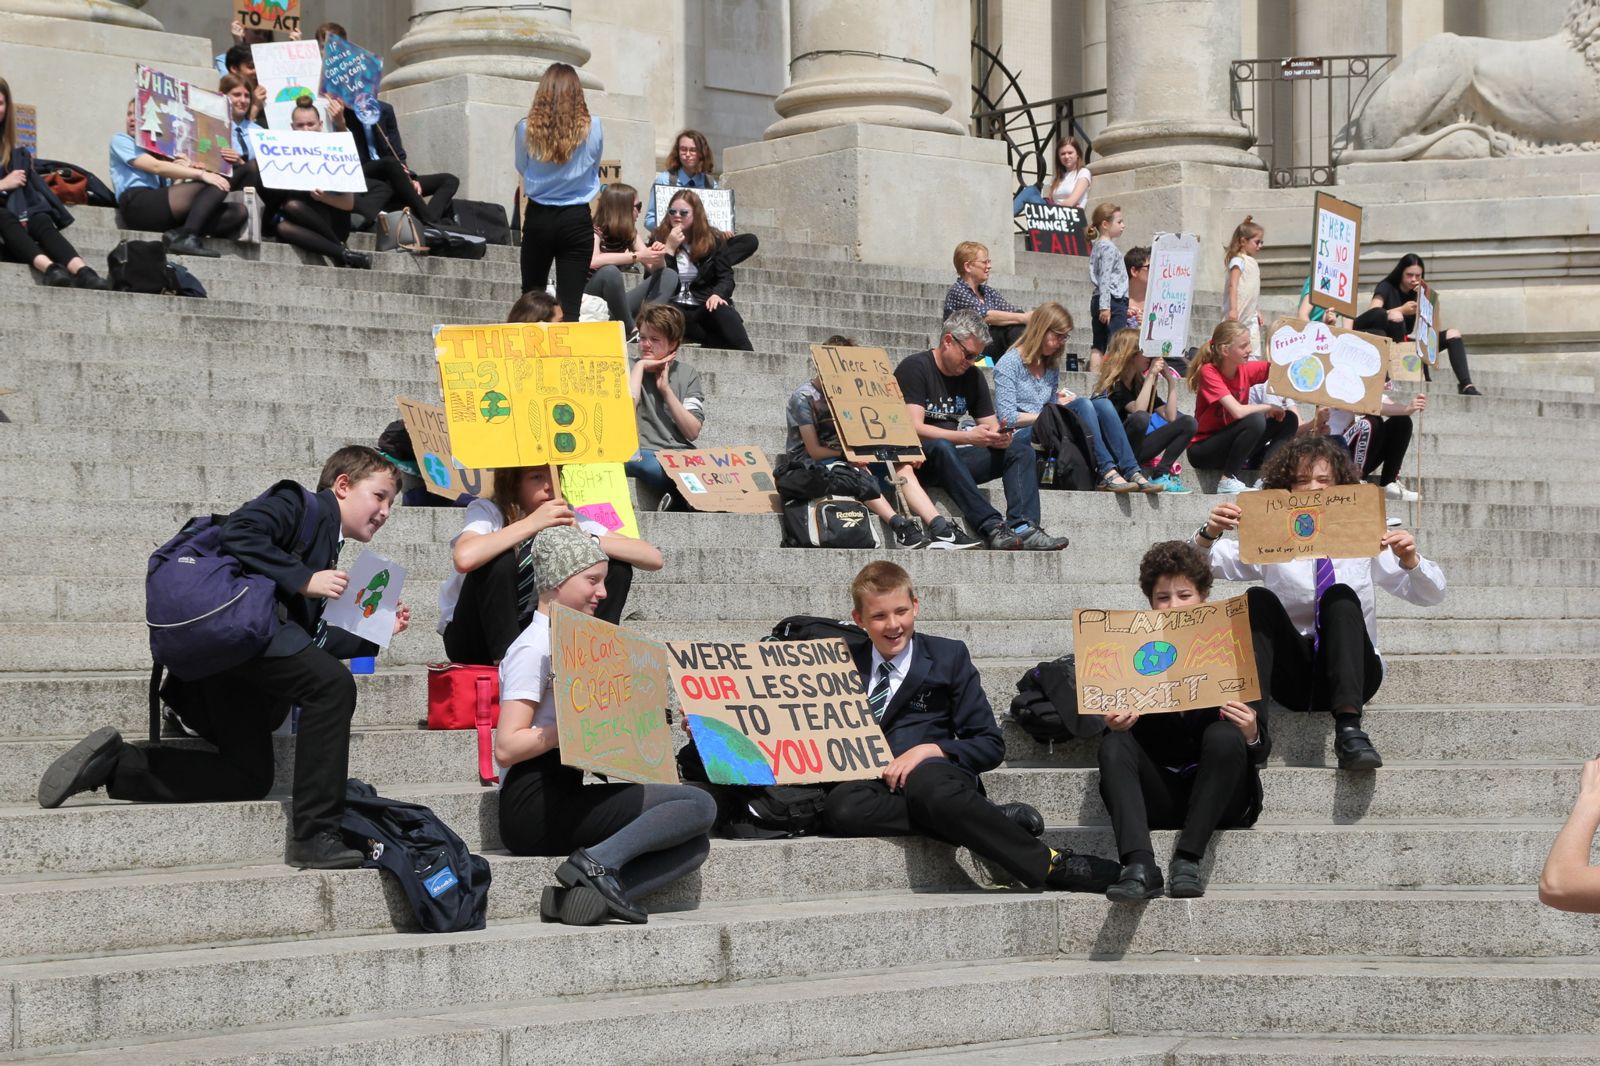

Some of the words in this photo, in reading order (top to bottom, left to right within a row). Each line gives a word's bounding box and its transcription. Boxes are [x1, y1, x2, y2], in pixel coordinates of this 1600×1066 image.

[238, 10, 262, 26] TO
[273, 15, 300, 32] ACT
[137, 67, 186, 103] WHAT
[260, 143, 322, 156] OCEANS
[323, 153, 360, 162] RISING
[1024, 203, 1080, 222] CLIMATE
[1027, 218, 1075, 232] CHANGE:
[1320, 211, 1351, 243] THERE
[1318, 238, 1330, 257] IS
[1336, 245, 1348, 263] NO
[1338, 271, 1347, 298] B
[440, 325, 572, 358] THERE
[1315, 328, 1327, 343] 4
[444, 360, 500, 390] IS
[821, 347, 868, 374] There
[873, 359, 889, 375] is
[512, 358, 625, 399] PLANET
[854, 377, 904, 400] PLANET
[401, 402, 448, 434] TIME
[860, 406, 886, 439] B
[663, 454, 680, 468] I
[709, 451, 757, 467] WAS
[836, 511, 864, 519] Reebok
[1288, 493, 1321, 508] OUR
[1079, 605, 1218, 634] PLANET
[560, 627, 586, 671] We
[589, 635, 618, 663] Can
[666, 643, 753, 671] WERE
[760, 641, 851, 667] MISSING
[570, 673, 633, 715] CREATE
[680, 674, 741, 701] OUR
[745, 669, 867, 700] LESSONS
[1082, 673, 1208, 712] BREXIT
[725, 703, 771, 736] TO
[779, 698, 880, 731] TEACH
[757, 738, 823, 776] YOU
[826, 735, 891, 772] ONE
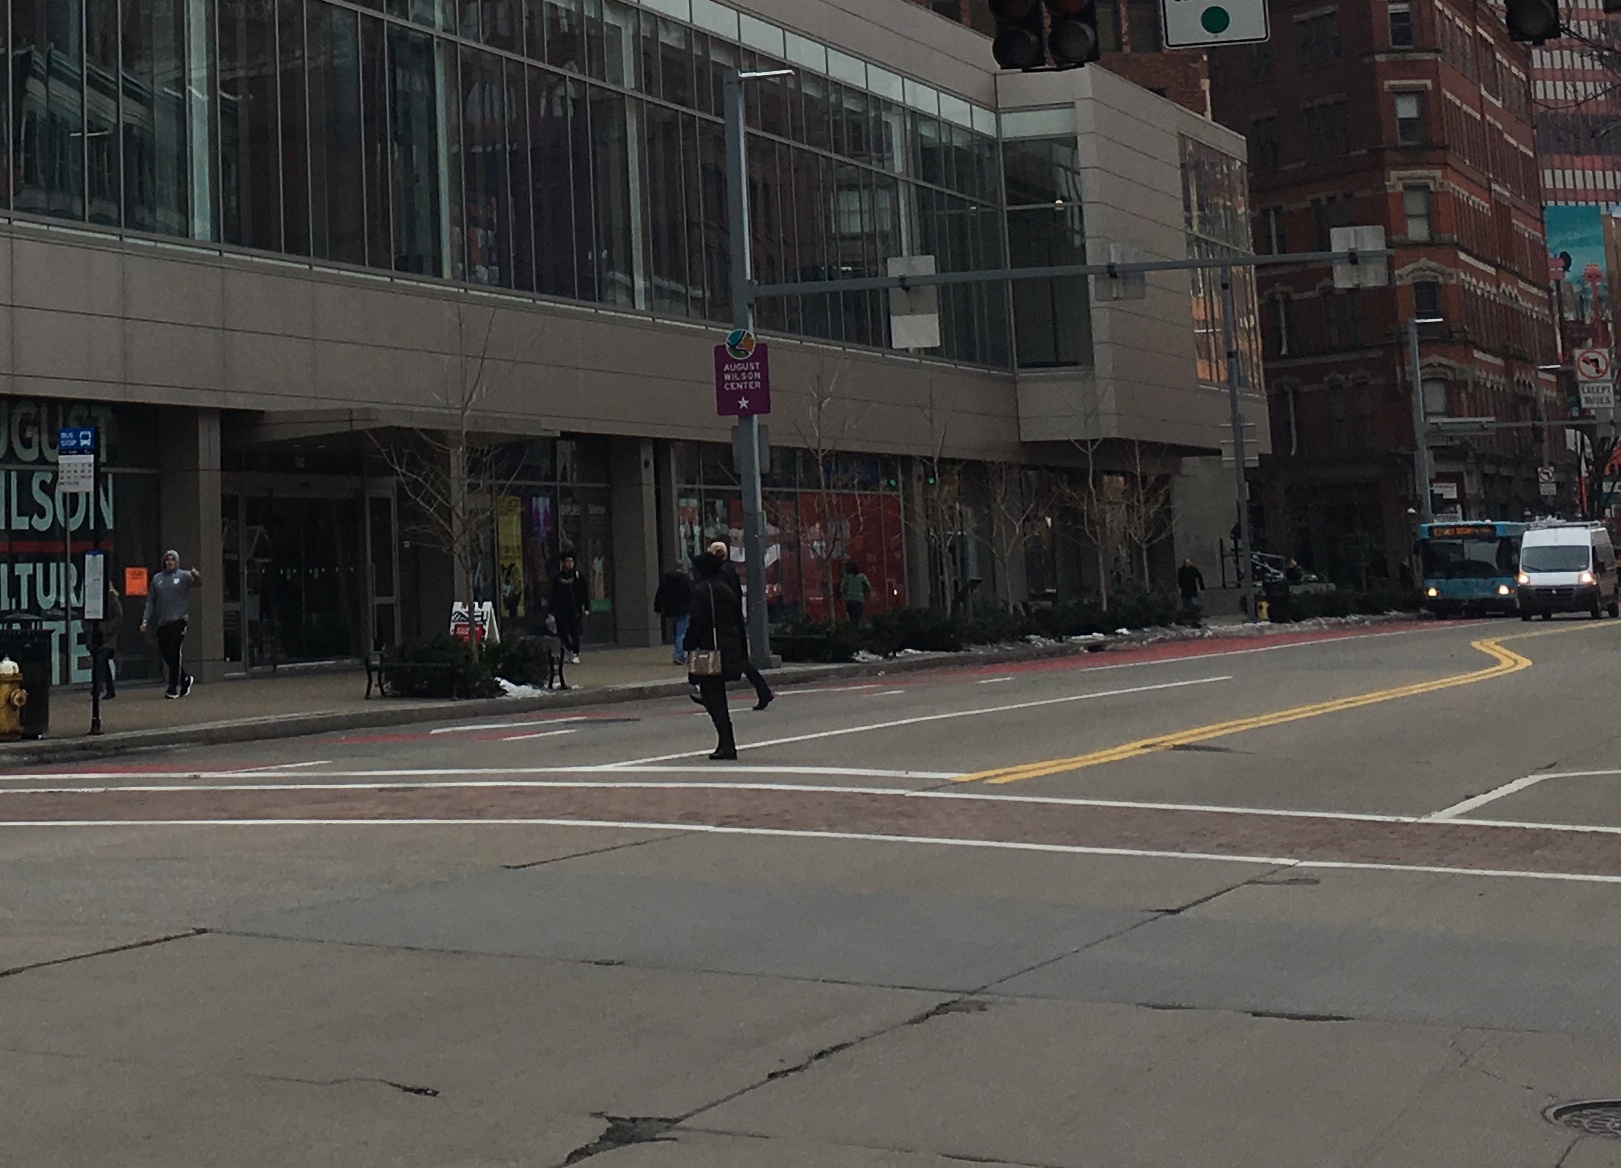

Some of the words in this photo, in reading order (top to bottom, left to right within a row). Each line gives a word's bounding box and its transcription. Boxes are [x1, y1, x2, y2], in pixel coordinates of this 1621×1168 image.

══════════

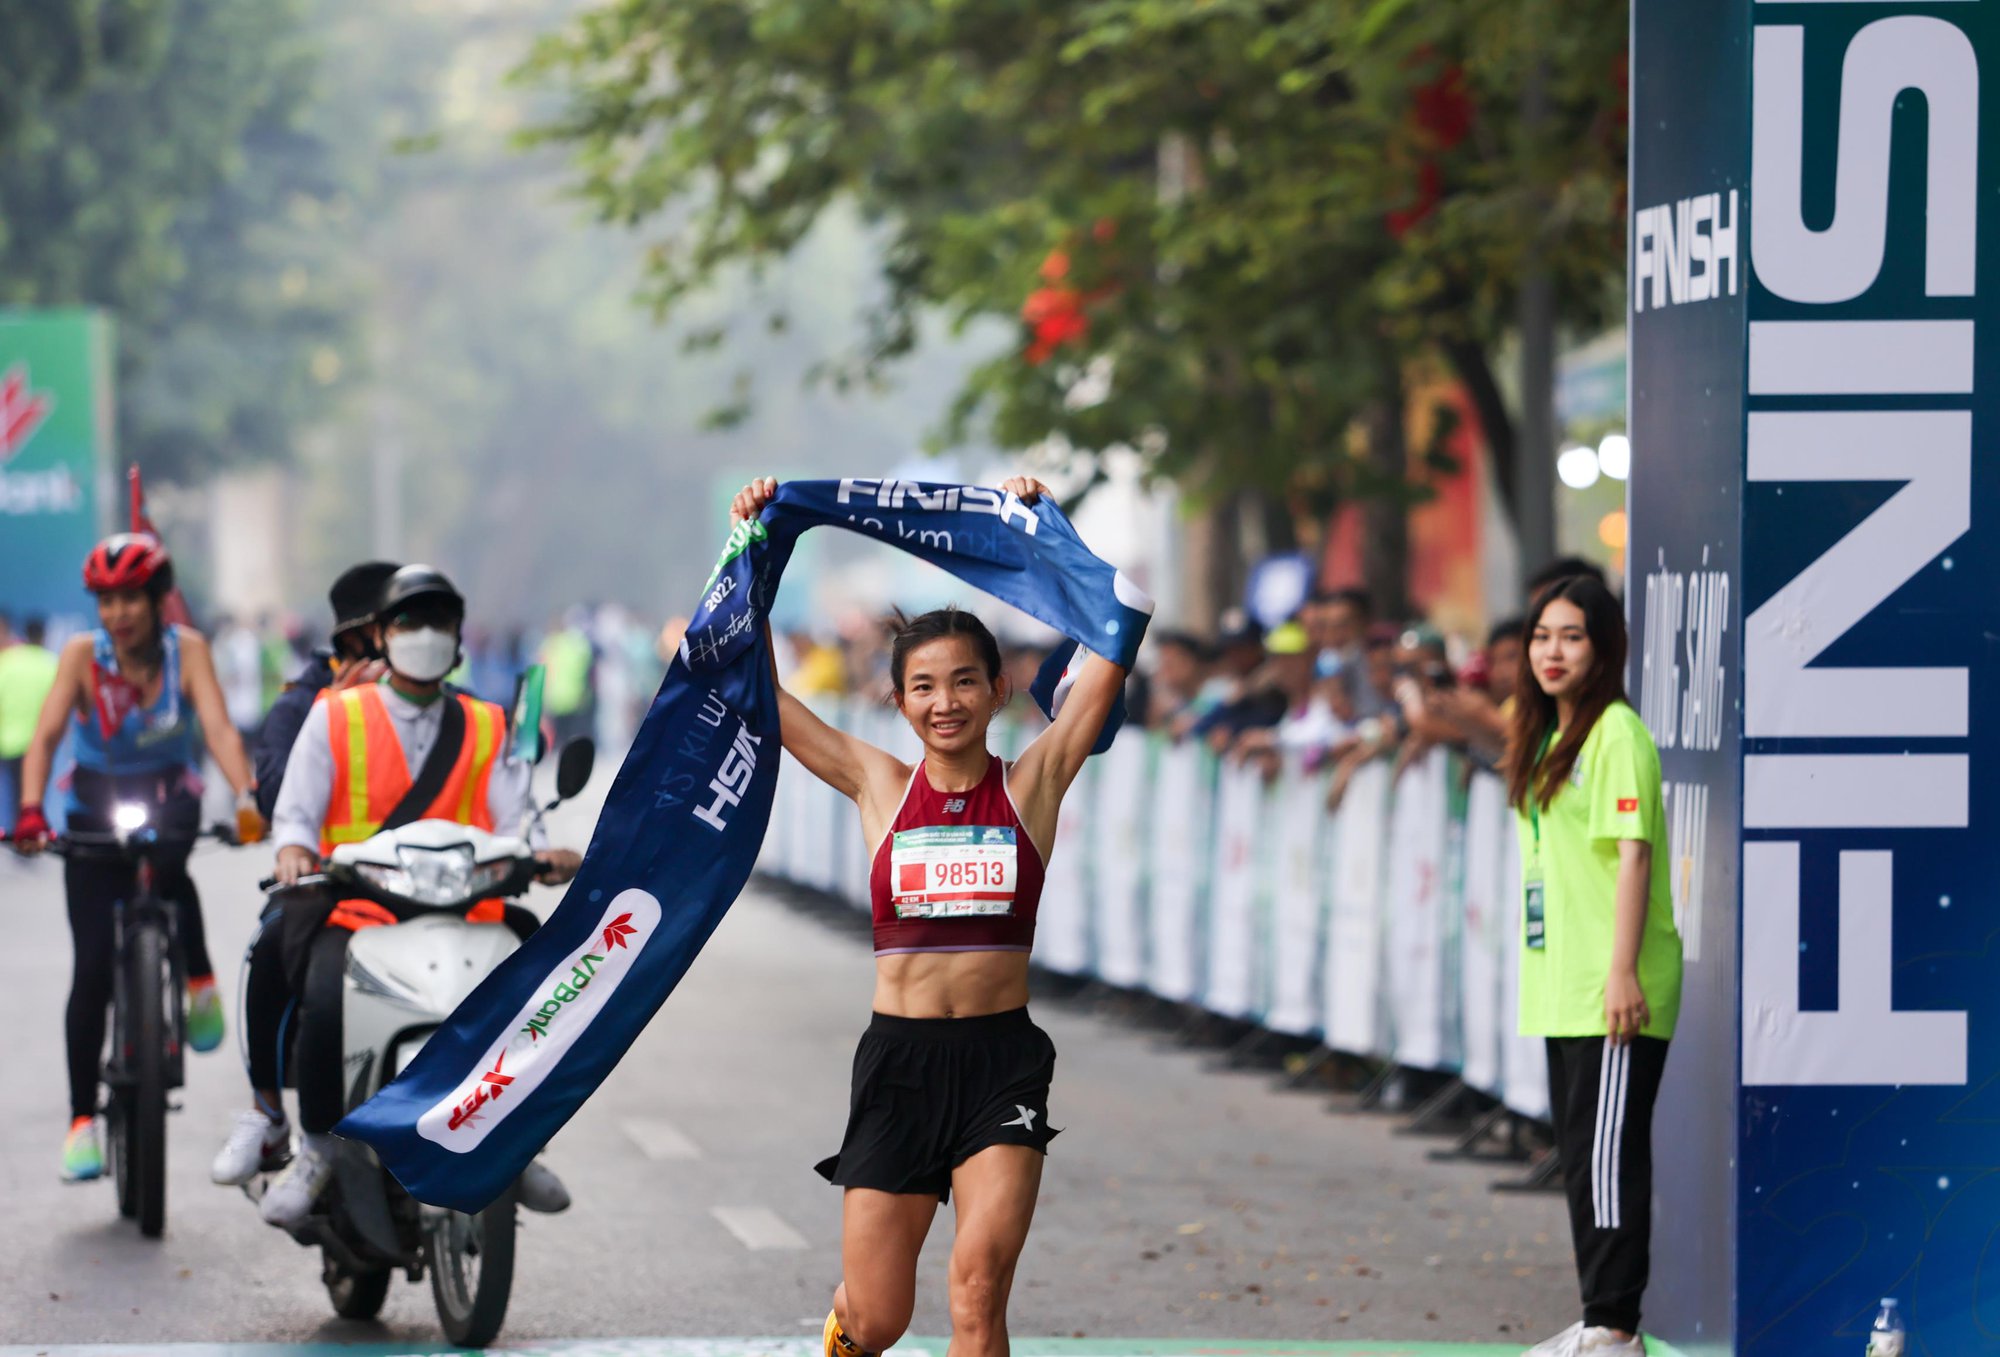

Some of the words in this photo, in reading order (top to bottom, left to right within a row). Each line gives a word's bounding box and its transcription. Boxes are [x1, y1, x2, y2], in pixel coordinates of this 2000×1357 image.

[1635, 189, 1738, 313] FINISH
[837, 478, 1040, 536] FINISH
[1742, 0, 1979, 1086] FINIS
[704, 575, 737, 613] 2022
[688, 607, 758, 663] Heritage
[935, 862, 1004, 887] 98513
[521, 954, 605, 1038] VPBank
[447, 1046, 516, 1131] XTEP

══════════

WHAT IS REQUIRED |
Transcribe only the lines above that start at the line containing "this 1600×1066 image." and end at the line containing "this 1621×1168 image.". Omit pictures.

WRITTEN RESPONSE |
Some of the words in this photo, in reading order (top to bottom, left to right within a row). Each line gives a word's bounding box and its transcription. Boxes are [x1, y1, x2, y2], in pixel coordinates of this 1600×1066 image.

[238, 10, 262, 26] TO
[273, 15, 300, 32] ACT
[137, 67, 186, 103] WHAT
[260, 143, 322, 156] OCEANS
[323, 153, 360, 162] RISING
[1024, 203, 1080, 222] CLIMATE
[1027, 218, 1075, 232] CHANGE:
[1320, 211, 1351, 243] THERE
[1318, 238, 1330, 257] IS
[1336, 245, 1348, 263] NO
[1338, 271, 1347, 298] B
[440, 325, 572, 358] THERE
[1315, 328, 1327, 343] 4
[444, 360, 500, 390] IS
[821, 347, 868, 374] There
[873, 359, 889, 375] is
[512, 358, 625, 399] PLANET
[854, 377, 904, 400] PLANET
[401, 402, 448, 434] TIME
[860, 406, 886, 439] B
[663, 454, 680, 468] I
[709, 451, 757, 467] WAS
[836, 511, 864, 519] Reebok
[1288, 493, 1321, 508] OUR
[1079, 605, 1218, 634] PLANET
[560, 627, 586, 671] We
[589, 635, 618, 663] Can
[666, 643, 753, 671] WERE
[760, 641, 851, 667] MISSING
[570, 673, 633, 715] CREATE
[680, 674, 741, 701] OUR
[745, 669, 867, 700] LESSONS
[1082, 673, 1208, 712] BREXIT
[725, 703, 771, 736] TO
[779, 698, 880, 731] TEACH
[757, 738, 823, 776] YOU
[826, 735, 891, 772] ONE

Some of the words in this photo, in reading order (top to bottom, left to right within a row). Each line gives a word's bounding box and its transcription. Boxes are [x1, y1, x2, y2], in pixel coordinates of this 1621×1168 image.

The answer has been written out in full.